YOUR TASK:
Return every line of the data below exactly, but do not include the images.
───── RECORDS PROVIDED
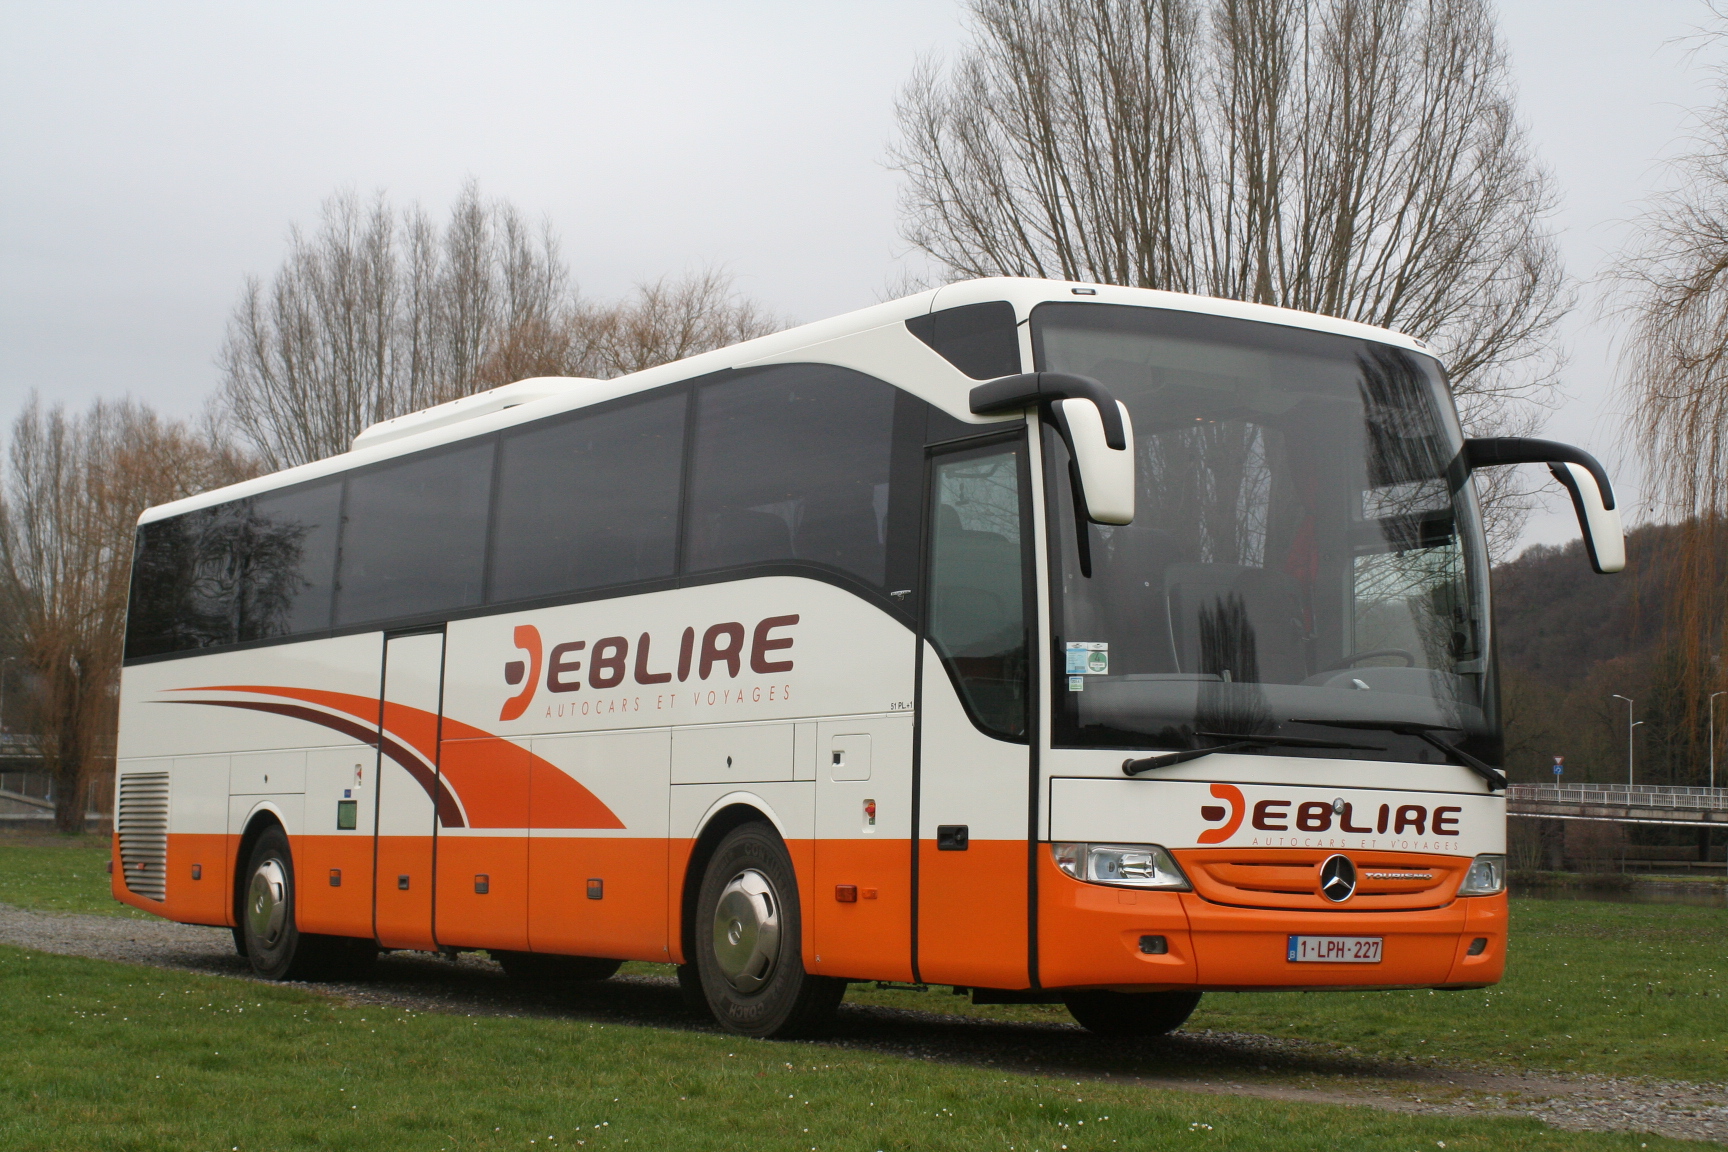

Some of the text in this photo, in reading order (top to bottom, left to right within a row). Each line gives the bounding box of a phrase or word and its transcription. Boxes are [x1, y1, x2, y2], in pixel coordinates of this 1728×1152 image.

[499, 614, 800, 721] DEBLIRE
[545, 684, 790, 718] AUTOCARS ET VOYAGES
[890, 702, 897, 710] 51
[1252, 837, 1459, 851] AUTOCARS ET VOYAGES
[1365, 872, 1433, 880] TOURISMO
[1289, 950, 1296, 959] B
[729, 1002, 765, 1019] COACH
──────────
TASK SOLUTION:
Some of the text in this photo, in reading order (top to bottom, left to right within a row). Each line gives the bounding box of a phrase or word and its transcription. Boxes are [x1, y1, x2, y2], in pixel coordinates of this 1728×1152 image.

[499, 614, 800, 721] DEBLIRE
[545, 684, 790, 718] AUTOCARS ET VOYAGES
[890, 702, 897, 710] 51
[1252, 837, 1459, 851] AUTOCARS ET VOYAGES
[1365, 872, 1433, 880] TOURISMO
[1289, 950, 1296, 959] B
[729, 1002, 765, 1019] COACH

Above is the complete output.